**What you are asked to do**
Two lines below mark the span: the one containing "Some of the text" and the one containing "this 1440×960 image.". Set down both, plus every line between, exactly as they stand, and nothing else.

**Entries provided**
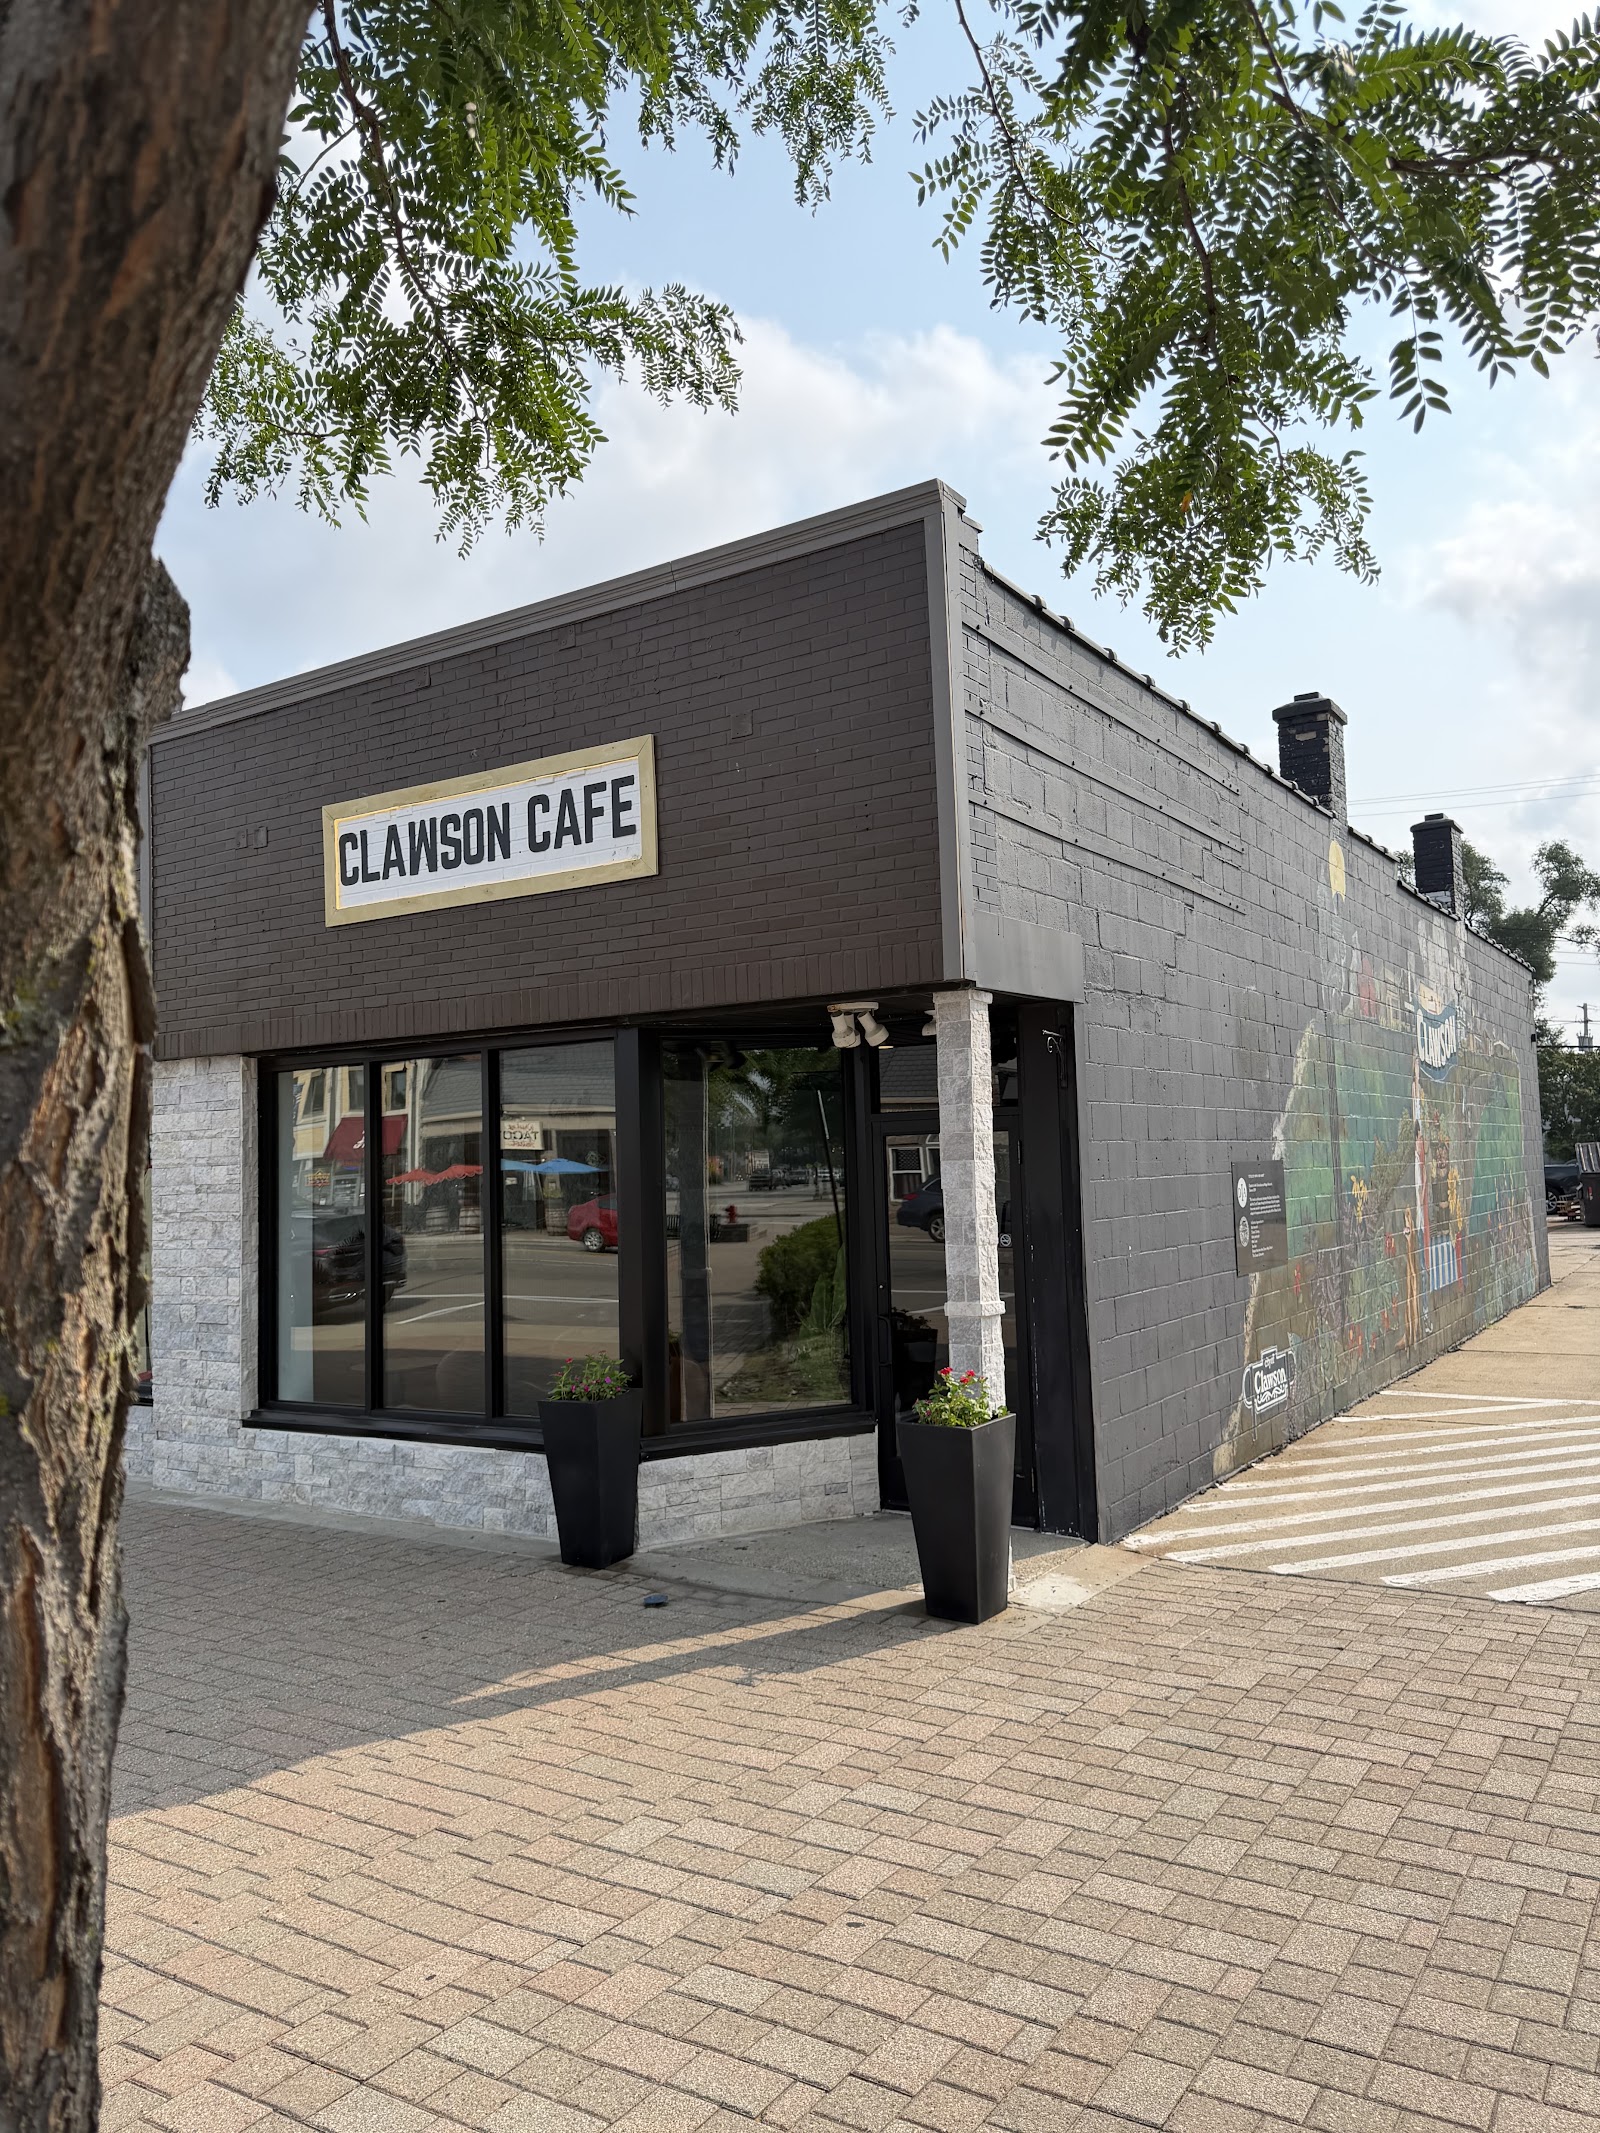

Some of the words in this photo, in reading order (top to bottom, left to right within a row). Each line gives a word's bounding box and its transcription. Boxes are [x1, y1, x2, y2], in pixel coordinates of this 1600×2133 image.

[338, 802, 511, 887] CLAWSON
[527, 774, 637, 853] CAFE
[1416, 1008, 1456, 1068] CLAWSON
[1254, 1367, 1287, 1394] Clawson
--
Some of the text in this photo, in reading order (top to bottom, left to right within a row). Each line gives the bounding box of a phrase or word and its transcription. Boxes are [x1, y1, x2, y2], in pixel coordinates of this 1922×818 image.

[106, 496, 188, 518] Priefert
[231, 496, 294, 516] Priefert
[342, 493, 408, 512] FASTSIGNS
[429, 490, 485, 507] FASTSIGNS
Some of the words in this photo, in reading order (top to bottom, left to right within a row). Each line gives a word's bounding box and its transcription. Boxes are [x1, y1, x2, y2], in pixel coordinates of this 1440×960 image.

**Answer to the exercise**
Some of the text in this photo, in reading order (top to bottom, left to right within a row). Each line gives the bounding box of a phrase or word and its transcription. Boxes are [x1, y1, x2, y2], in pixel coordinates of this 1922×818 image.

[106, 496, 188, 518] Priefert
[231, 496, 294, 516] Priefert
[342, 493, 408, 512] FASTSIGNS
[429, 490, 485, 507] FASTSIGNS
Some of the words in this photo, in reading order (top to bottom, left to right within a row). Each line gives a word's bounding box and its transcription. Boxes are [x1, y1, x2, y2], in pixel coordinates of this 1440×960 image.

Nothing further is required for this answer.